Luego llegó el maoísmo, una década de entusiasmo revolucionario que Godard vivió en profundidad. Un peregrinaje que empieza en 1966, al calor de la Revolución cultural proletaria china impulsada por Mao Ze Dong tras el fracaso del Gran Salto Hacia Delante que había costado 30 millones de víctimas. Godard, como tantos otros jóvenes, dejará la órbita del Partido Comunista Francés para arribar a la Unión de las Juventudes Comunistas Marxistas-Leninistas y aprenderse de memoria el libro rojo del presidente Mao, el gran timonel.
Godard hará su primera película prochina titulada, como no podía ser de otro modo, La Chinoise (1967) que no gusta a los dirigentes prochinos de su partido. No les faltaba razón. La cinta nos contaba la historia de unos estudiantes que preparan una homicidio terrorista y una de las conclusiones que sacamos de ellos es que son unos ingenuos.
Cuando llega mayo del 68, Godard tiene la oportunidad de resarcirse. Cámara en mano filma ocupaciones de fábricas, universidades, asambleas, enfrentamientos con la policía… y para evitar todo personalismo burgués constituye el colectivo Dziga Vertov que en la practica lo conforman Jean Pierre Gorin y él. Su primera película es Pravda (1969), una denuncia de la ocupación de Checoslovaquia por los odiados revisionistas soviéticos. Paradojas de la historia, por entonces Rusia y China eran enemigos jurados.

Godard, Jean Paul Sartre y Simone de Beauvoir con el periódico de la Izquierda Proletaria, «La Causa del pueblo».
El militante Godard filmó trece películas de estricto corte marxista-leninista y en algunas tenemos la impresión de una mala digestión de tercermundismo aderezado con maoísmo. Pero ya lo dijo el gran timonel en su libro rojo: “La educación ideológica es el eslabón clave que debemos empuñar firmemente en nuestro trabajo para unir a todo el Partido para la gran lucha política”.
Un buen realizador es siempre un buen cineasta y sus imágenes de este periodo nos gustan, pese al intento de Godard de anularse a si mismo.

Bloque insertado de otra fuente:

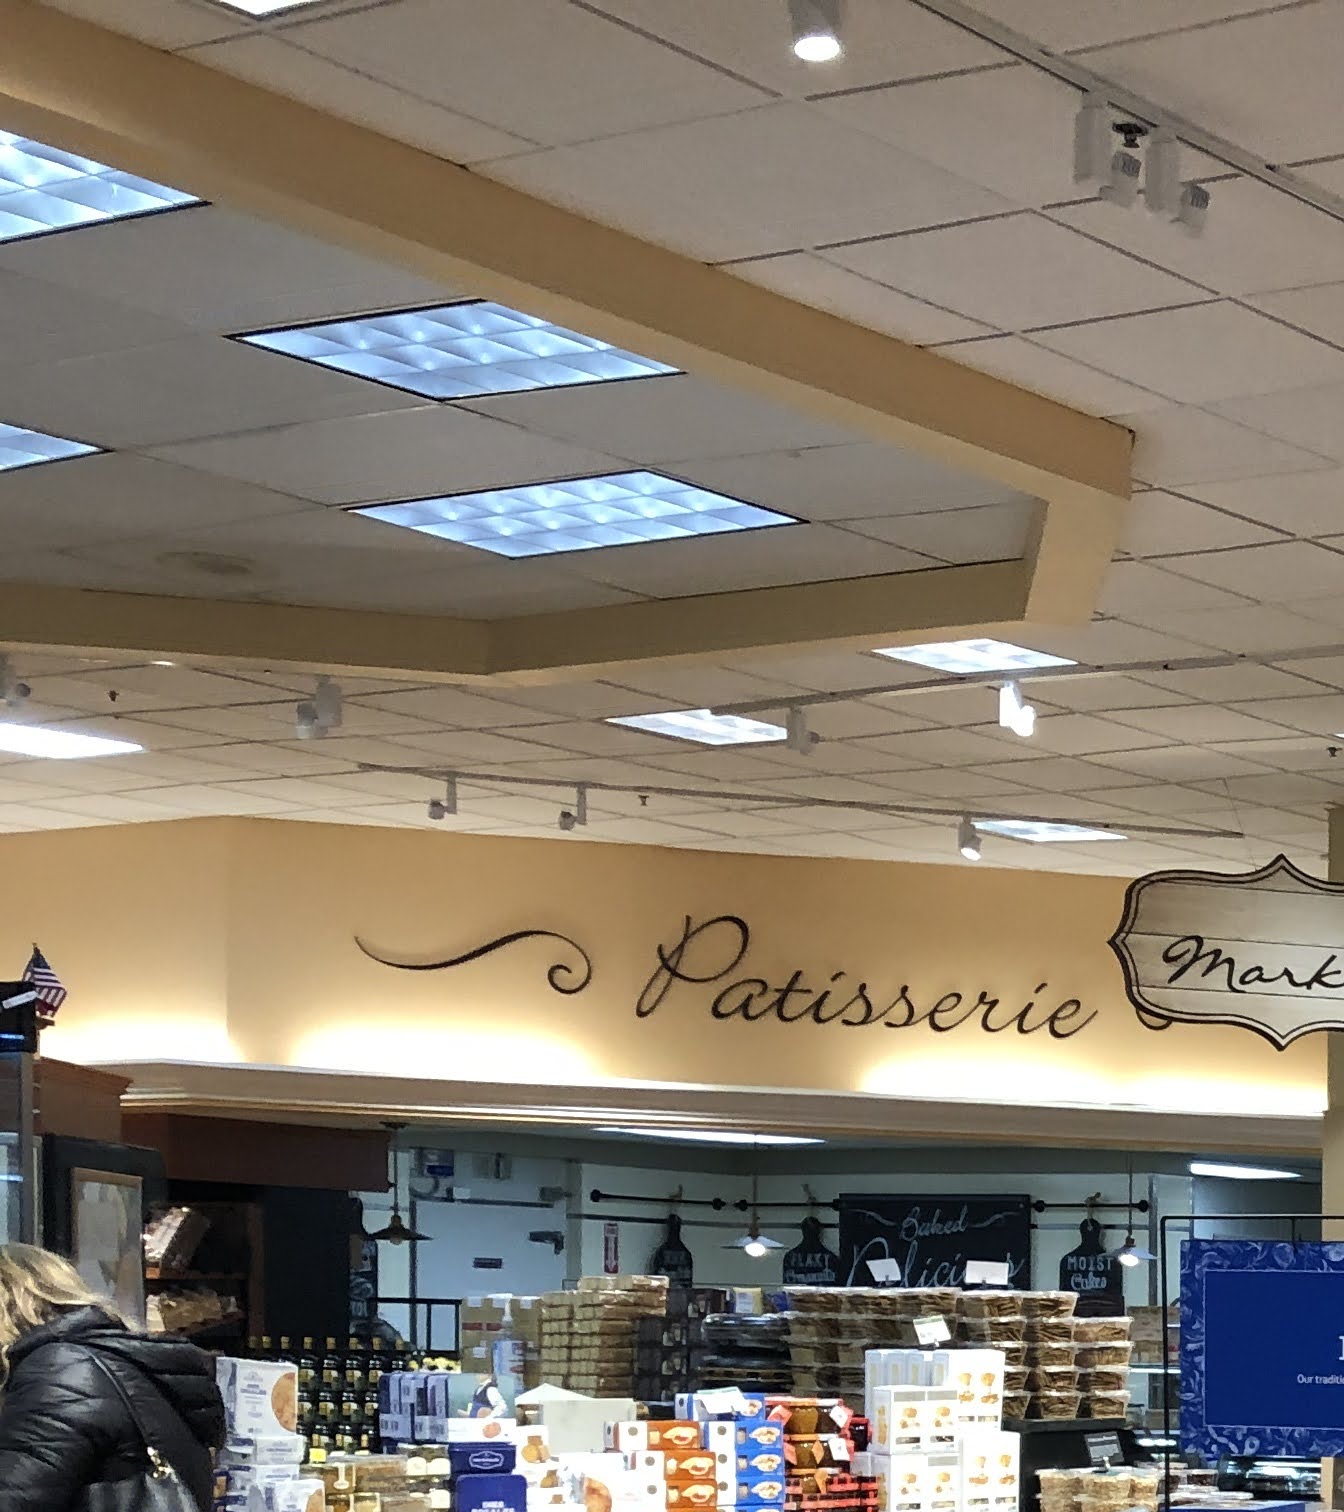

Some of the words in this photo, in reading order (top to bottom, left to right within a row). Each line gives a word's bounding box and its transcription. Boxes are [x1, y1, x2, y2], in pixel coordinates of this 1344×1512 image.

[635, 914, 1098, 1039] Patisserie
[1067, 1256, 1114, 1271] MOIST
[1297, 1374, 1313, 1385] Our
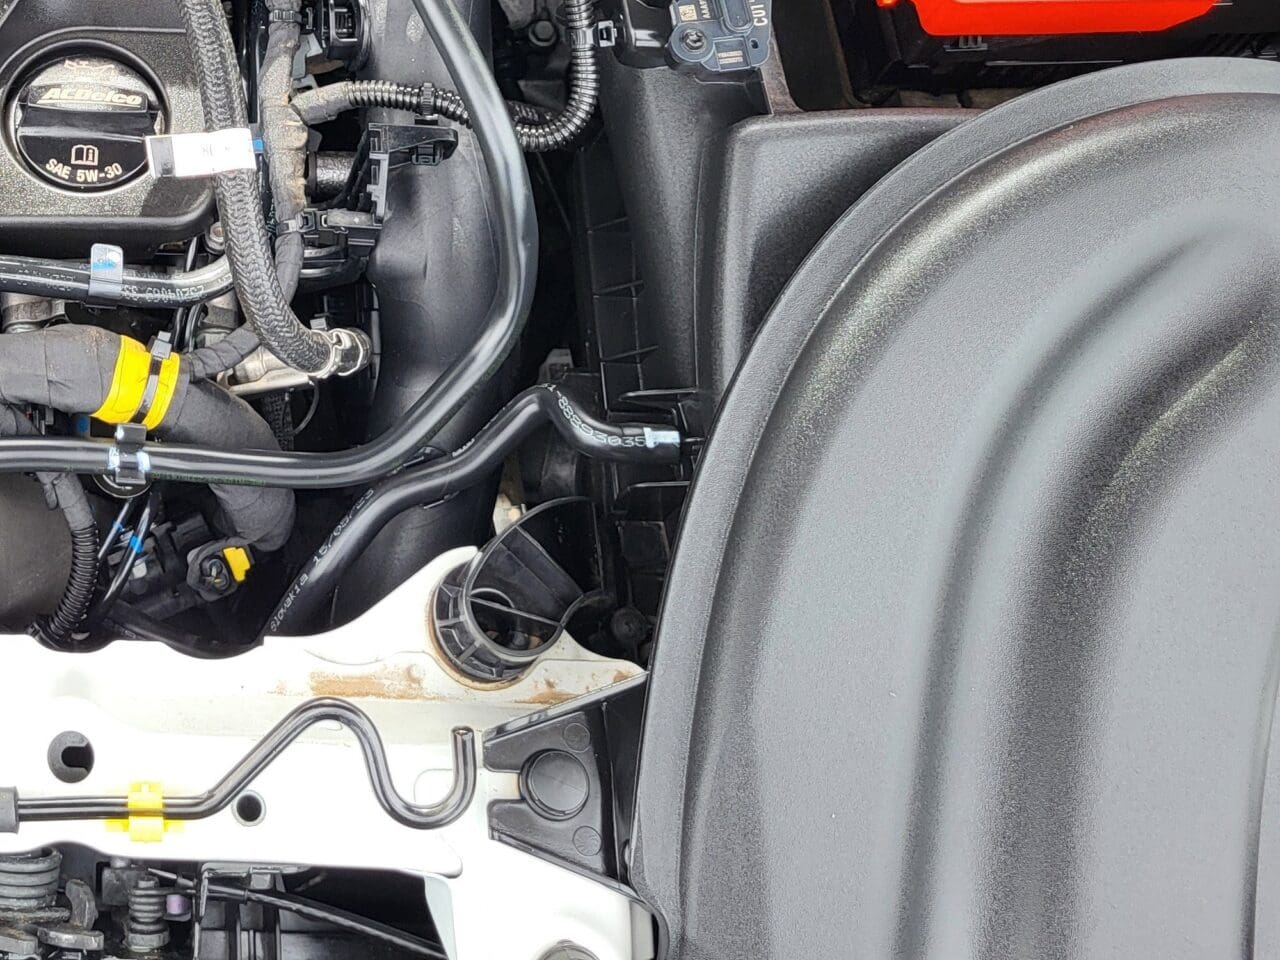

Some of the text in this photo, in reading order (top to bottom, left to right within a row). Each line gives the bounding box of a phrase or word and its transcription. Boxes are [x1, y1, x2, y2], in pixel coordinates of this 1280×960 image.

[41, 88, 143, 104] ACDelco
[45, 158, 122, 183] SAE 5W-30

Entretanto pasó por todas las organizaciones maoístas más importantes, y en especial la Izquierda proletaria de Benny Lévy, surgida a comienzos de los setenta. Godard, como cualquier militante, vendió el periódico “La Causa del Pueblo”, con la efigie del gran timonel en la portada. Y como había que proletarizarse y dejarse de residuos burgueses, lo mismo que ocurría en China donde los elementos aburguesados eran enviados a trabajar en las fábricas y el campo (cuando no encarcelados o ejecutados), Godard limpiaba la sede armado con una fregona y cubo, según cuenta Christophe Bourseiller en su libro “Los maoístas. La loca historia de los guardias rojos franceses”, editada por Plon. Cada uno hace lo que puede.
Lo del maoísmo y Godard fue la historia de un amor a primera vista, un fervor inusitado, y como suele ocurrir con las grandes pasiones terminó mal. Pero amores imposibles los hemos tenidos todos, así que no hagamos leña del árbol caído y reconozcamos que Godard tendrá un lugar en la historia del cine.
En estos días donde muere gente importante, menudean los obituarios que ensalzan, beatifican y magnifican a los fallecidos, sin darse cuenta de que una vida de noventa años, como fue la de Godard, da para muchos cambios de rasante, o giros narrativos como dirían los novelistas.
No cabe duda de que hay muchos Godards en esa larga y fecunda vida. El que filmó historias de amor, el que escribió buenas críticas de cine, el progresista, el maoísta, el conservador, el cínico, el comercial, el aprovechado, el aburrido… Todos son verdaderos e ilustran la vida de un cineasta llamado Jean-Luc Godard.